ENTRIES PROVIDED ▸
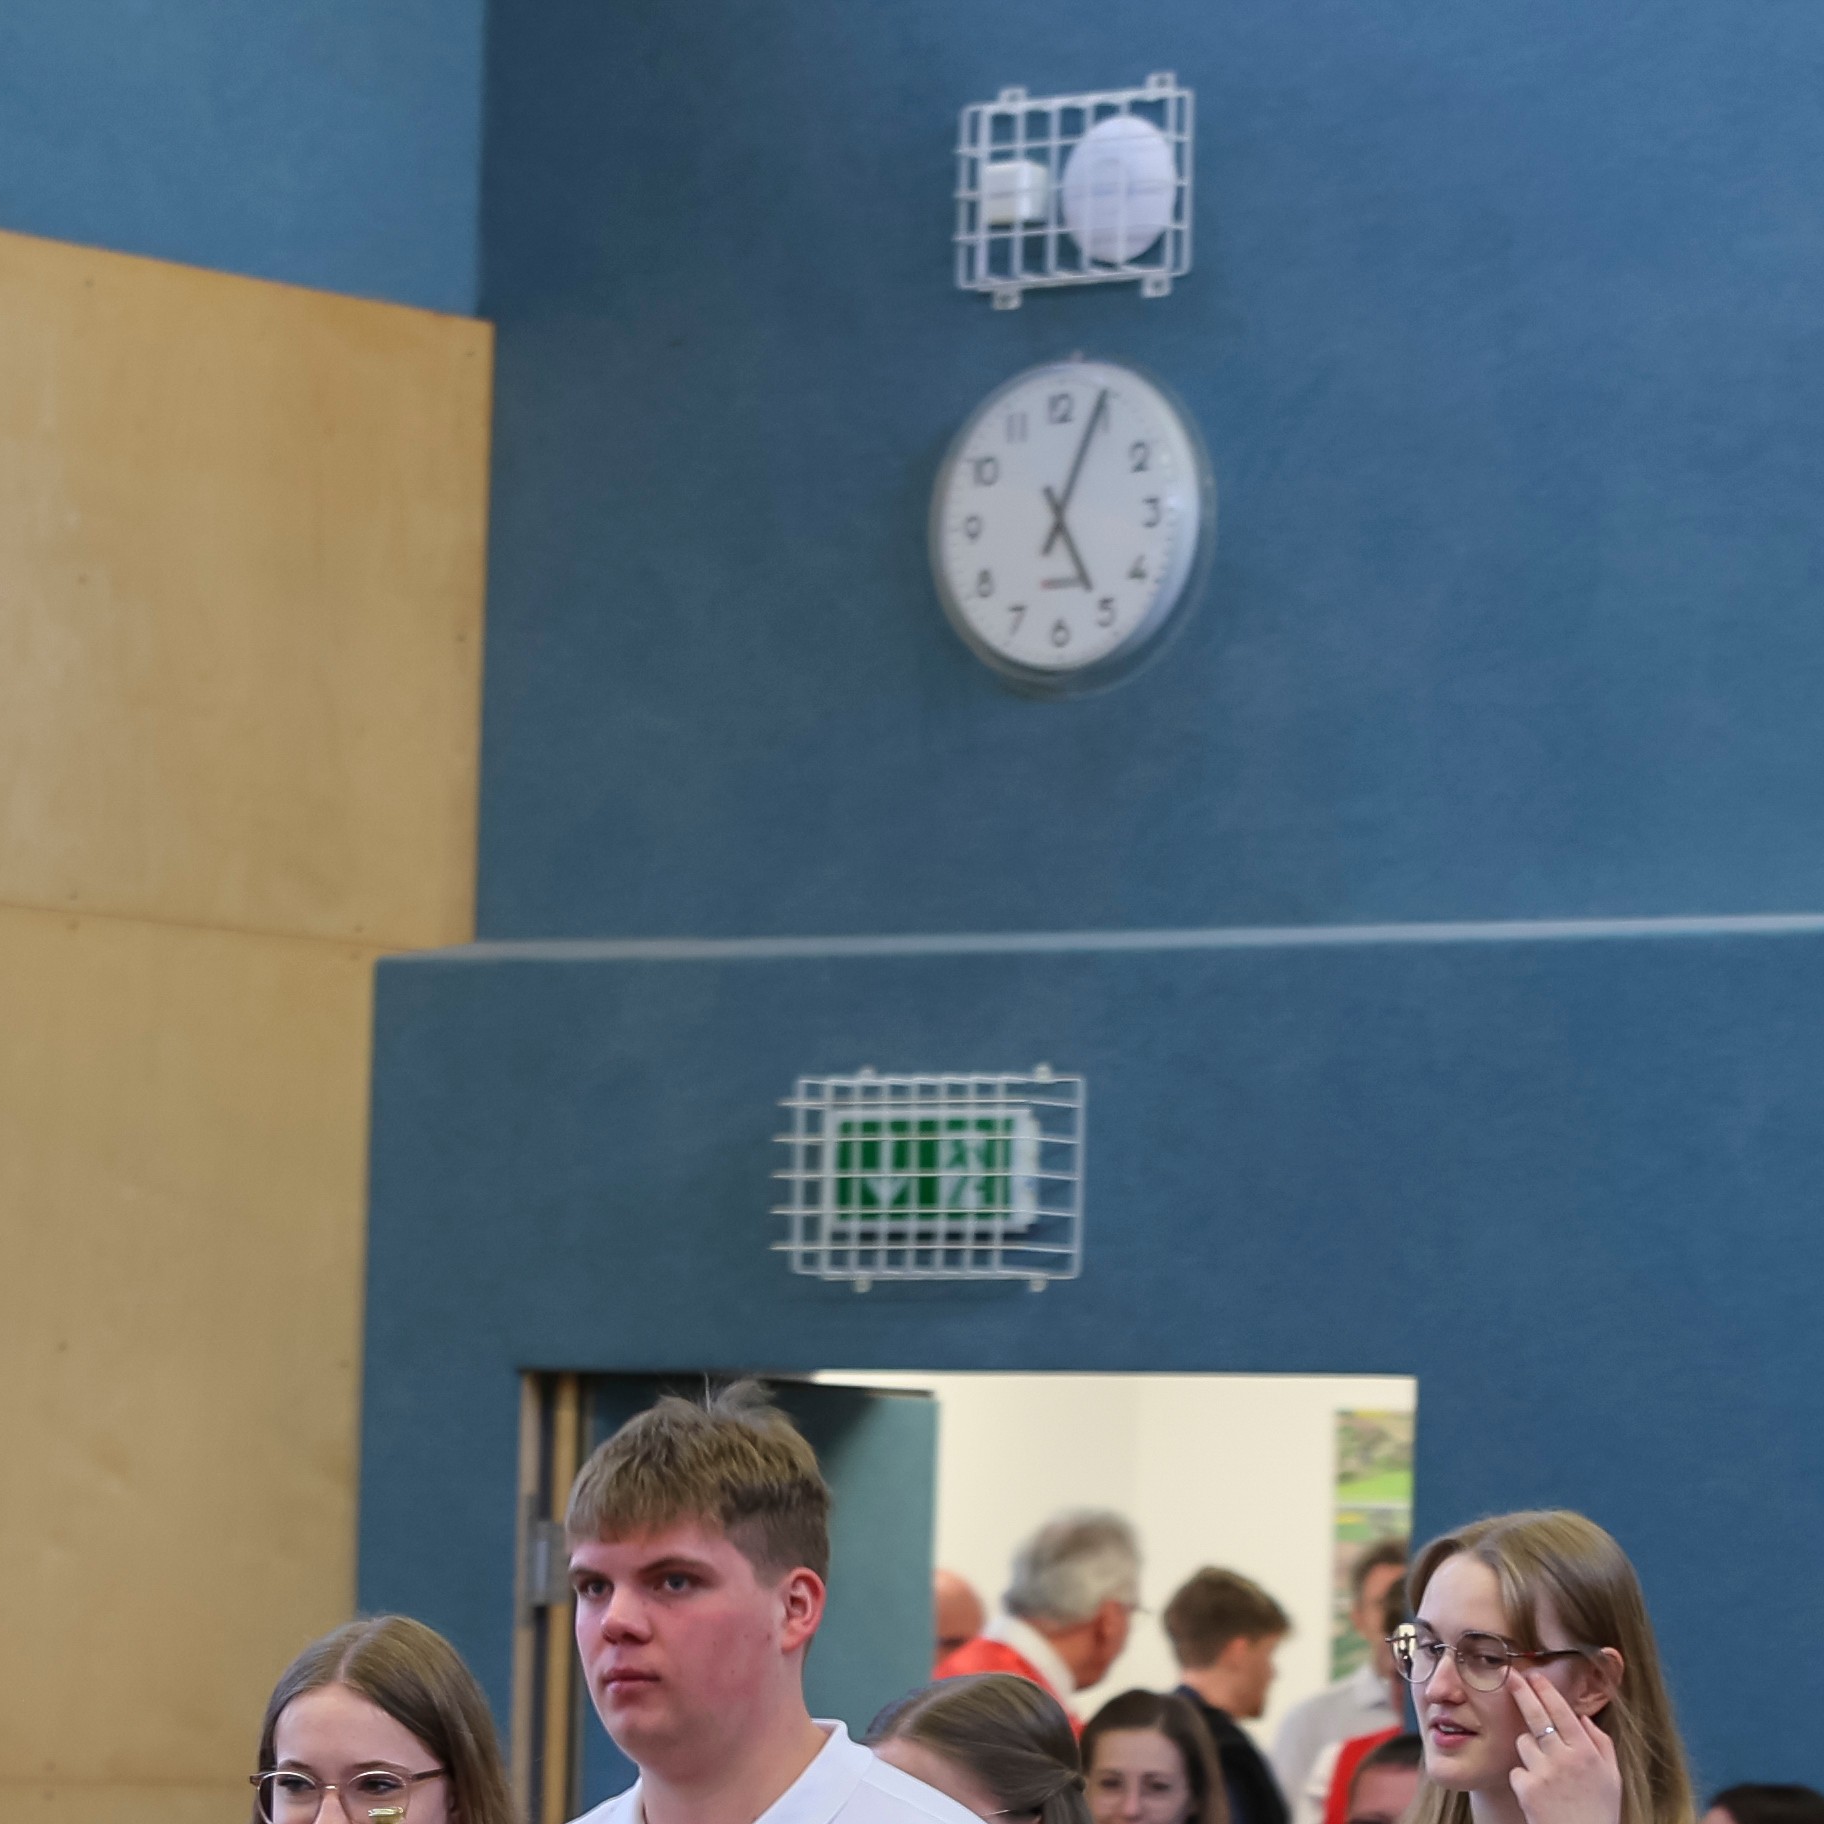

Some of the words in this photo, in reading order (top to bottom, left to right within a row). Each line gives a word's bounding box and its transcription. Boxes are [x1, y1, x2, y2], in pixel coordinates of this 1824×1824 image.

[1047, 392, 1074, 424] 12
[1005, 411, 1029, 443] 11
[973, 455, 1000, 487] 10
[1128, 441, 1150, 474] 2
[964, 514, 983, 541] 9
[1141, 497, 1161, 528] 3
[1126, 555, 1147, 580] 4
[977, 569, 994, 599] 8
[1008, 604, 1028, 635] 7
[1097, 597, 1116, 627] 5
[1050, 616, 1070, 647] 6
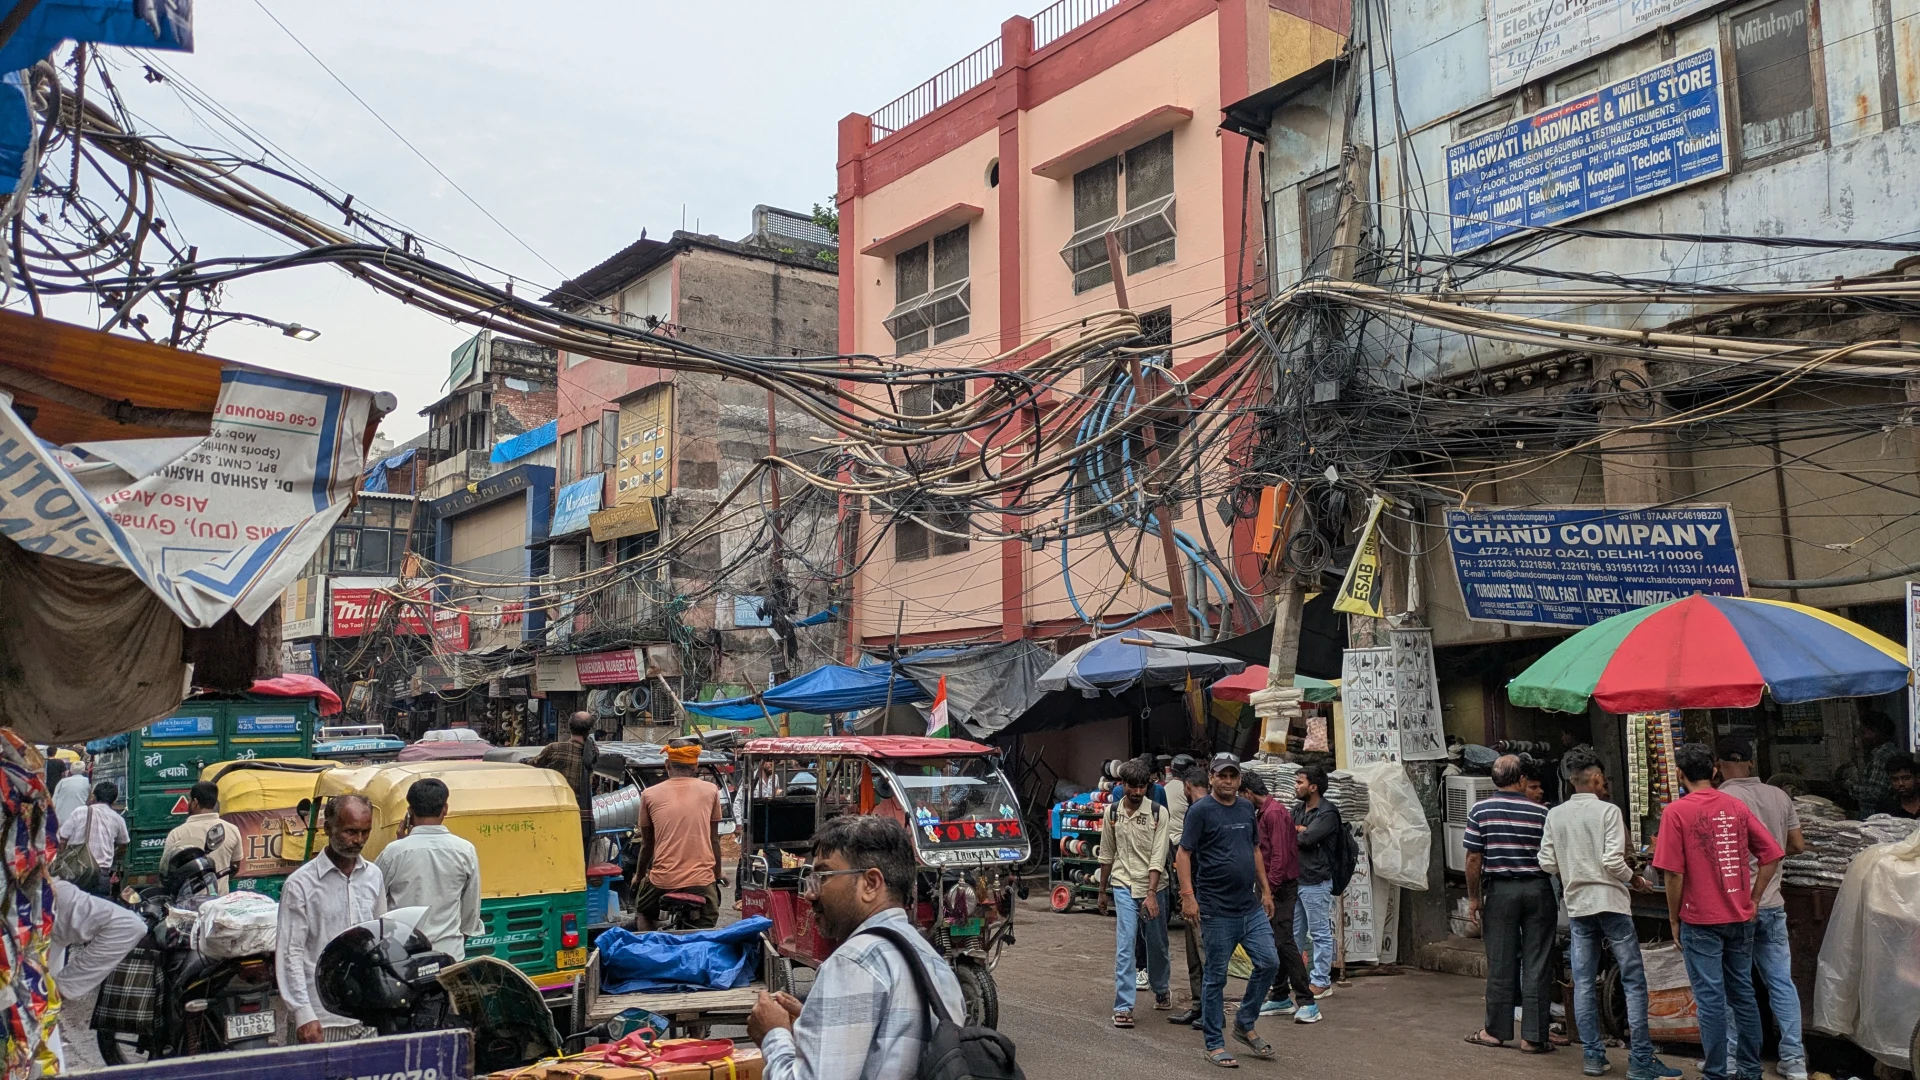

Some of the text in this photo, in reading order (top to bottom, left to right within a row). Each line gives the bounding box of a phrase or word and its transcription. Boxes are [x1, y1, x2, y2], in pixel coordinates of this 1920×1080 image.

DESCRIPTION OF THE TASK ▸ The answer is the whole listing retyped exactly, with pictures omitted.

RESPONSE BELOW ▸
Some of the words in this photo, in reading order (top to bottom, left to right within a row). Each line gives a word's bounding box and its transcription. Boxes are [x1, y1, x2, y2], in pixel coordinates of this 1824×1824 image.

[1047, 392, 1074, 424] 12
[1005, 411, 1029, 443] 11
[973, 455, 1000, 487] 10
[1128, 441, 1150, 474] 2
[964, 514, 983, 541] 9
[1141, 497, 1161, 528] 3
[1126, 555, 1147, 580] 4
[977, 569, 994, 599] 8
[1008, 604, 1028, 635] 7
[1097, 597, 1116, 627] 5
[1050, 616, 1070, 647] 6

Some of the text in this photo, in reading order (top to bottom, left to right within a row). Each line gives the bounding box of a phrase or word and its transcription. Boxes are [x1, y1, x2, y2], in pixel coordinates of this 1920×1080 image.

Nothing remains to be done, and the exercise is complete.